Richard Miller


Le 7ème art de la démocratie

Ce texte a été publié sous des formes légèrement différentes par les quotidiens Le Soir et l’Echo, le 1er février 2007

A l’instar de ce que fut le théâtre pour la démocratie athénienne, le cinéma, en tant qu’il est à la fois création, technologie et industrie, est le lieu où les démocraties, dans le monde/mondialisé d’aujourd’hui, se montrent, se voient et s’interrogent.
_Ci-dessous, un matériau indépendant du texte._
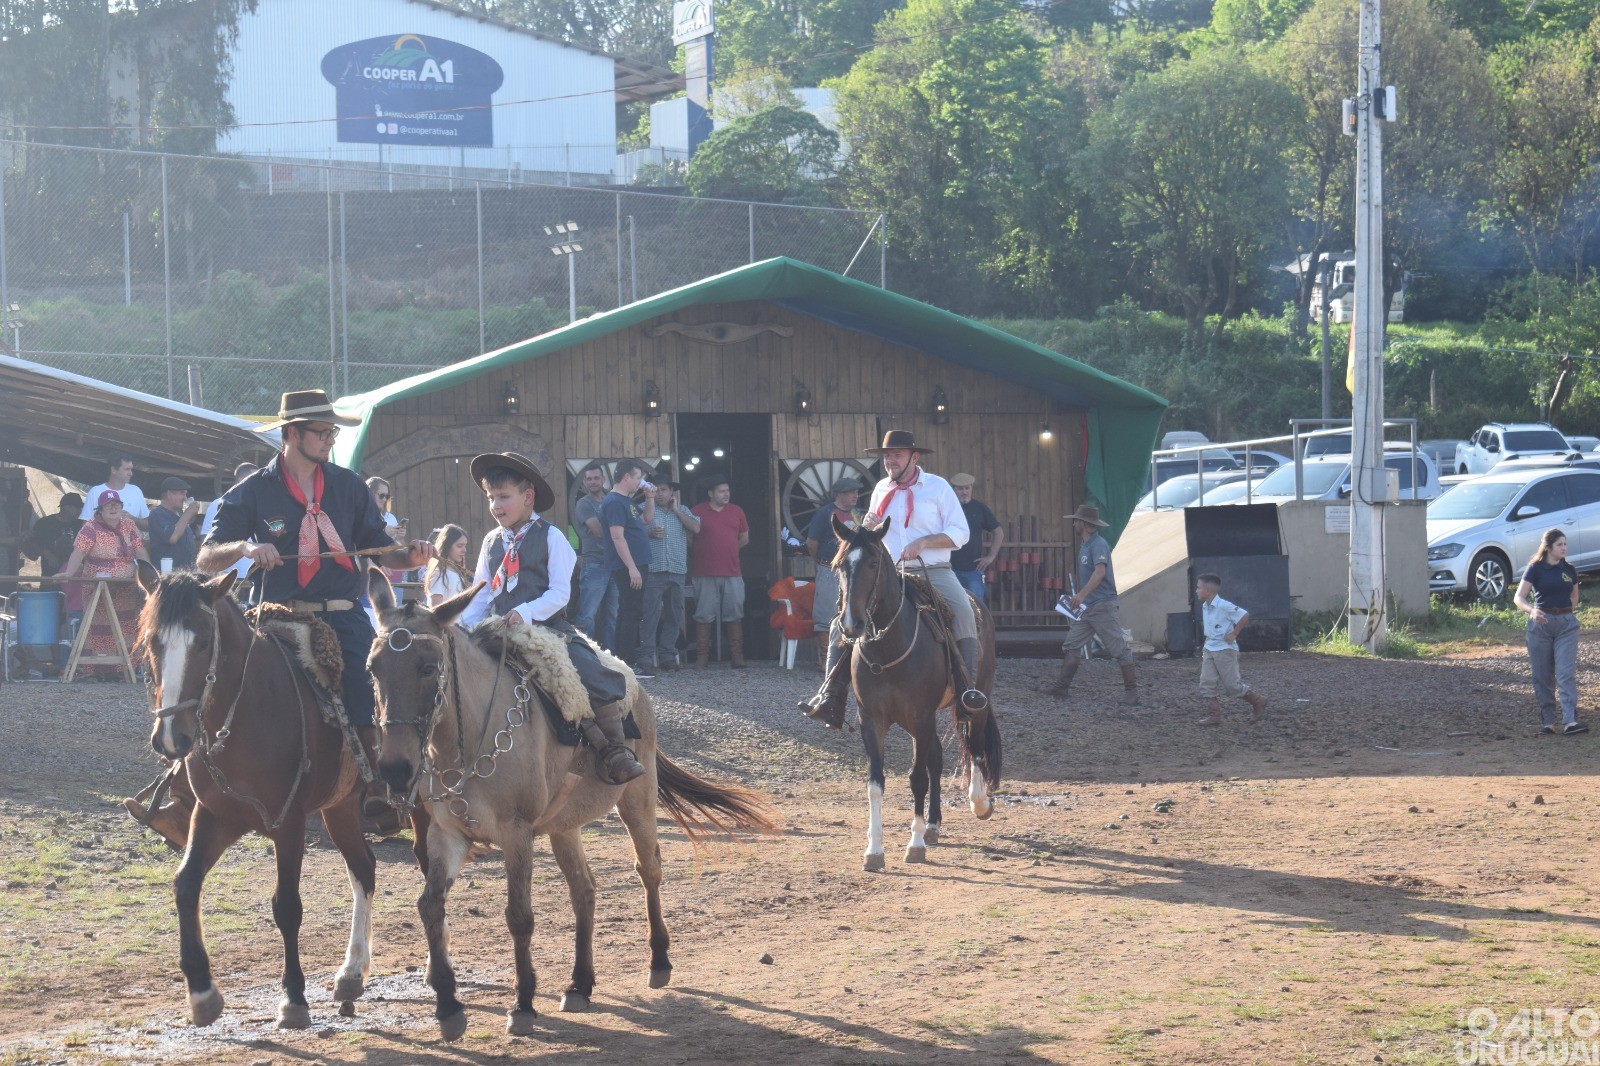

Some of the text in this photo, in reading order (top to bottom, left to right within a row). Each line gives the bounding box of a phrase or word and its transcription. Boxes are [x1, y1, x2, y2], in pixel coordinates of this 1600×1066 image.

[363, 58, 454, 83] COOPER A1
[399, 125, 458, 136] @cooperativaa1
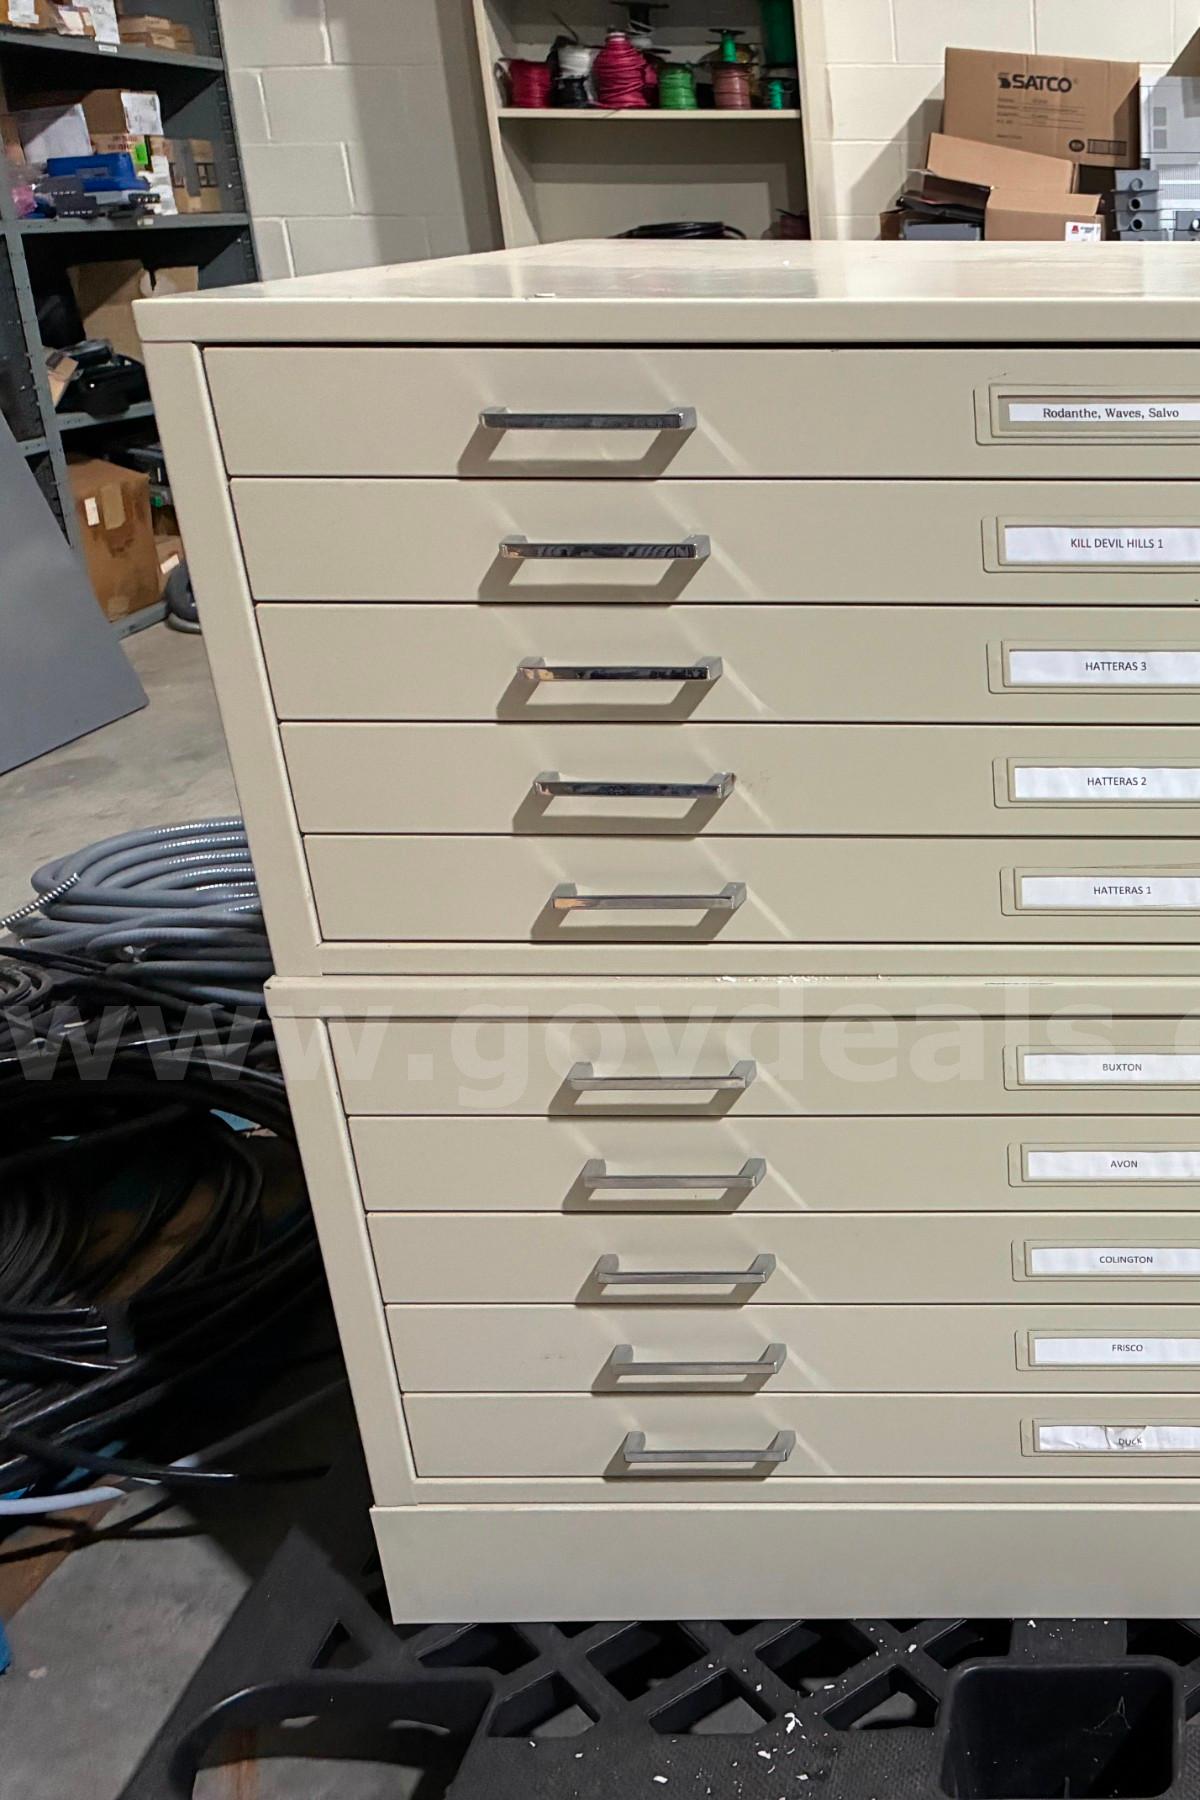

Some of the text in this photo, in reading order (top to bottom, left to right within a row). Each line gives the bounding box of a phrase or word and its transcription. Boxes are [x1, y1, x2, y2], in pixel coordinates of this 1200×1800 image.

[1012, 74, 1072, 94] SATCO
[1042, 407, 1180, 419] Rodanthe, Waves, Salvo
[1070, 538, 1164, 549] KILL DEVIL HILLS 1
[1085, 661, 1147, 672] HATTERAS 3
[1087, 776, 1147, 787] HATTERAS 2
[1093, 885, 1152, 895] HATTERAS 1
[1102, 1063, 1142, 1072] BUXTON
[1110, 1159, 1138, 1169] AVON
[1099, 1255, 1154, 1265] COLINGTON
[1111, 1344, 1144, 1353] FRISCO
[1118, 1437, 1143, 1448] DUCK
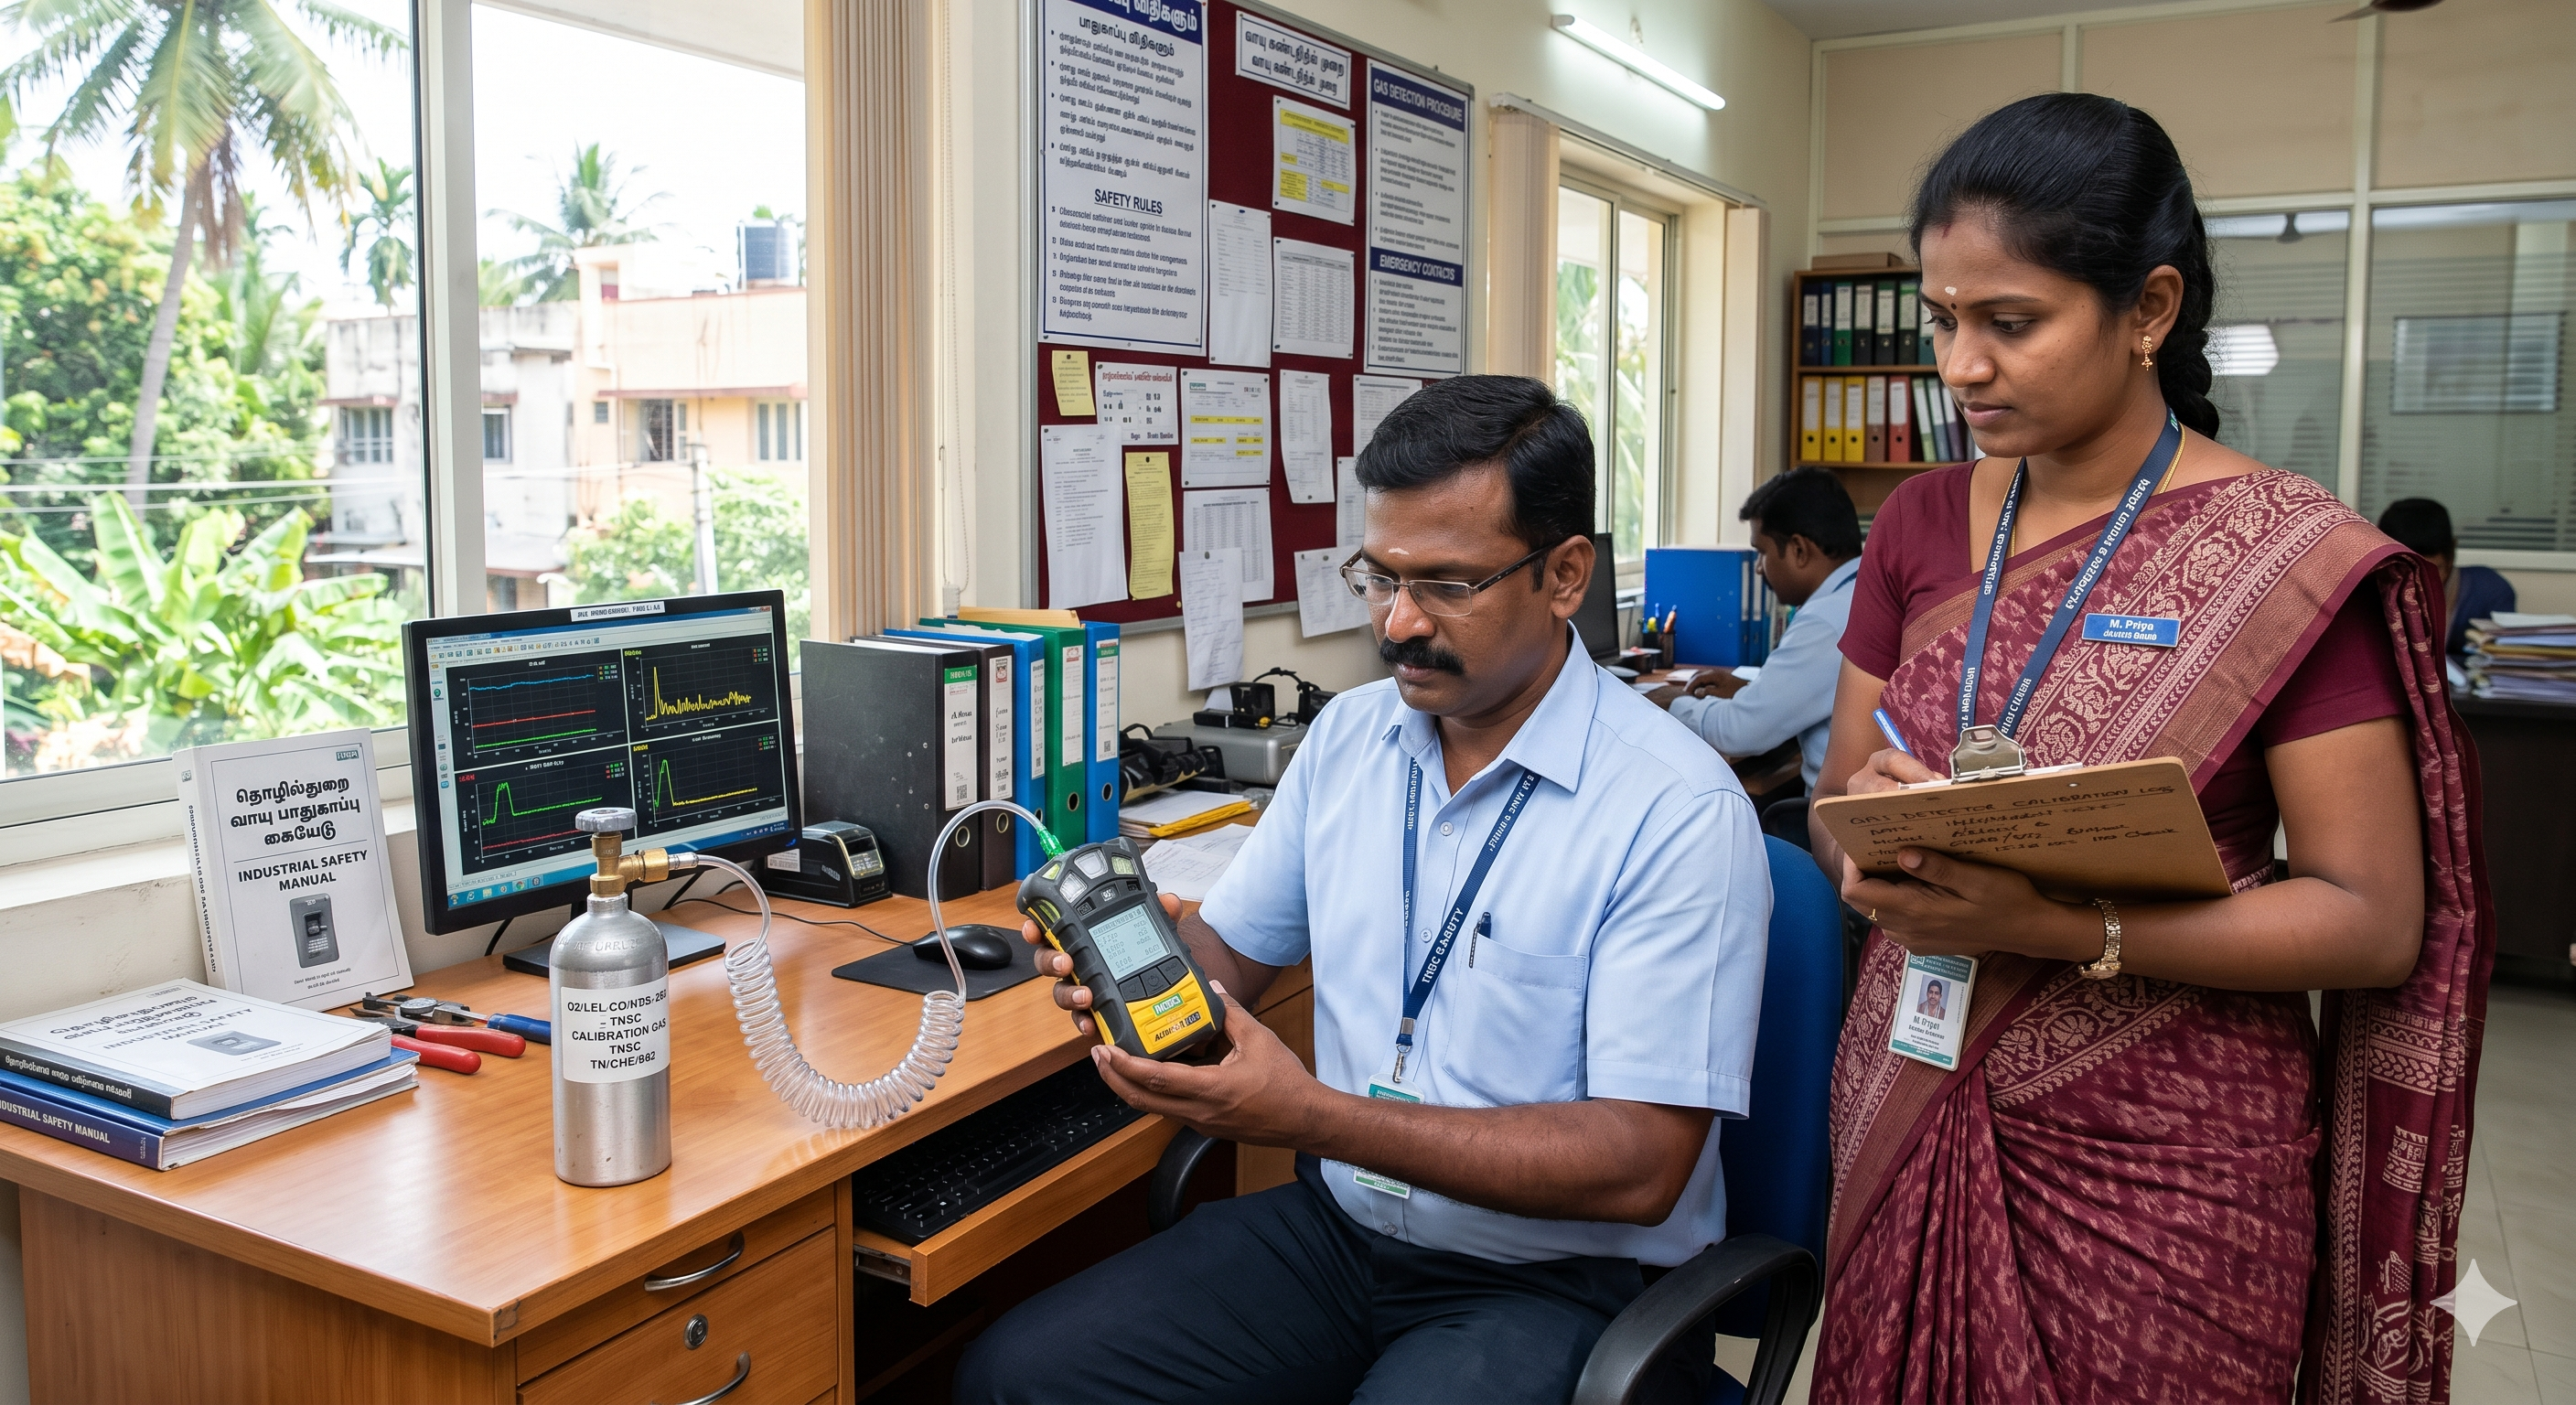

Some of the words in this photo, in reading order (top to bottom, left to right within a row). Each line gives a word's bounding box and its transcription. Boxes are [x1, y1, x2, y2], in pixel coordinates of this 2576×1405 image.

[1373, 78, 1389, 96] GAS
[1094, 188, 1132, 208] SAFETY
[1133, 196, 1163, 214] RULES
[1379, 253, 1422, 273] EMERGENCY
[2109, 619, 2122, 628] M.
[2125, 619, 2154, 632] Priya
[236, 778, 349, 806] தொழில்துறை
[231, 810, 274, 828] வாயு
[277, 796, 360, 822] பாதுகாப்பு
[1901, 804, 1996, 820] DETECTOR
[2012, 789, 2129, 807] CALIBRATION
[264, 820, 337, 845] கையேடு
[238, 858, 318, 883] INDUSTRIAL
[321, 850, 368, 868] SAFETY
[279, 872, 337, 892] MANUAL
[572, 1025, 649, 1041] CALIBRATION
[651, 1018, 667, 1032] GAS
[610, 1013, 642, 1025] TNSC
[609, 1041, 641, 1054] TNSC
[0, 1099, 40, 1121] DUSTRIAL
[75, 1123, 111, 1144] MANUAL
Sur la page blanche de l’écran, celle révélée par la splendide ouverture des Hommes du Président (Pakula) et sur laquelle d’emblée s’écrit (du grec, graphein) la liberté inconditionnelle de la presse, les principes fondateurs de la démocratie sont à l’œuvre : droit de s’exprimer, de se déplacer, de s’assembler, de travailler, de créer, de vivre avec sécurité, dans la justice et la dignité…Toutefois, ce que l’œuvre d’art cinématographique renvoie à la société n’est pas un reflet neutre –l’écran n’est pas un miroir-, mais une image qui inquiète, qui ne laisse pas en quiétude, qui problématise la réalité concrète de la vie au sein de cette société et ce, quels que soient ses principes fondateurs. Si toute société a besoin de cette projection critique d’elle-même, de ses inquiétudes et insuffisances, auxquelles doivent répondre les réformes nécessaires, seul le système démocratique en a la capacité et la force.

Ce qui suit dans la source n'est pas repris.